La Fuerza del Pueblo ha logrado posicionarse como la principal opción opositora del país en un tiempo relativamente corto, apoyada en liderazgo nacional, implantación territorial, crecimiento organizativo y una expectativa de poder que ya forma parte del debate político hacia 2028. Pero precisamente esa ventaja, según el texto, obliga a la organización a someterse a mayor rigor, bajo la premisa de que el poder no se alcanza solo con encuestas favorables, juramentaciones o proclamas de victoria, sino con capacidad de corregir desviaciones y leer con precisión la realidad.
La reflexión distingue entre vocación de poder y triunfalismo.
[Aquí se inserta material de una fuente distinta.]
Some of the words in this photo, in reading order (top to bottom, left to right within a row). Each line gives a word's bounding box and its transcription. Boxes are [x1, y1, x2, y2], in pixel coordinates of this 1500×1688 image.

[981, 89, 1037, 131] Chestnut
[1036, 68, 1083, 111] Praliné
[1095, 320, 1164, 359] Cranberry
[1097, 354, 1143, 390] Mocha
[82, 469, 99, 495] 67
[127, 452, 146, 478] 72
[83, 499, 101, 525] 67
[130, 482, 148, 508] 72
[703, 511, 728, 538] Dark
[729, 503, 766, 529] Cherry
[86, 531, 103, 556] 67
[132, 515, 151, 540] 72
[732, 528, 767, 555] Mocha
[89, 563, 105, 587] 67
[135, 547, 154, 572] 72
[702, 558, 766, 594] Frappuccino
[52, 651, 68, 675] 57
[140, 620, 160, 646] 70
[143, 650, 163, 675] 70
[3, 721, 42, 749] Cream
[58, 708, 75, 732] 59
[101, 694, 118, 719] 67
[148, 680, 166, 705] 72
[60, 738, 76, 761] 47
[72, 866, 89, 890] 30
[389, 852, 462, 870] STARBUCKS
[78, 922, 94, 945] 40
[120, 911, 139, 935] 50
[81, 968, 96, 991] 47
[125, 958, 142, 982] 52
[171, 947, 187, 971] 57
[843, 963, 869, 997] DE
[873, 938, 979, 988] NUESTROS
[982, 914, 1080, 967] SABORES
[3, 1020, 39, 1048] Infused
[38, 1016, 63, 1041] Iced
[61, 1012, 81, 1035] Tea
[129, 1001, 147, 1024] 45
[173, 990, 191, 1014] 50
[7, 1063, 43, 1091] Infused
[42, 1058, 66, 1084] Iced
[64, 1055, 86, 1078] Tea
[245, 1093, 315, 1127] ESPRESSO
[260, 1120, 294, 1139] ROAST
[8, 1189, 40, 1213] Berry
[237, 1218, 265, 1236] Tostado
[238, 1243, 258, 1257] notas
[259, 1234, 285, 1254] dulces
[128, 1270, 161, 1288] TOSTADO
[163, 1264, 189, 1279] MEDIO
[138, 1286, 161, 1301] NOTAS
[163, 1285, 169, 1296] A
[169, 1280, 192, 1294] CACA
Mientras la primera se asocia con acumulación de fuerzas, disciplina interna, autocrítica y construcción de liderazgos, el segundo aparece cuando una organización da por inevitable una victoria futura y reemplaza el análisis por la complacencia. El planteamiento advierte que esa confusión puede debilitar la capacidad de escuchar y convertir expectativas en errores políticos. En ese contexto, las señales internas son presentadas como un tema que debe asumirse con vigilancia. El subtítulo recoge la advertencia de Leonel sobre que, de seguir así, en lugar de ganar el 2028 solo se contribuye a echar a perder la esperanza del triunfo electoral, y la de Omar, quien sostuvo que las renuncias de dirigentes deben ser motivo de preocupación, porque también hay gente que se va de un partido por dignidad.
La tesis central es que una oposición con opción real de poder necesita más control interno y menos complacencia para consolidarse como alternativa.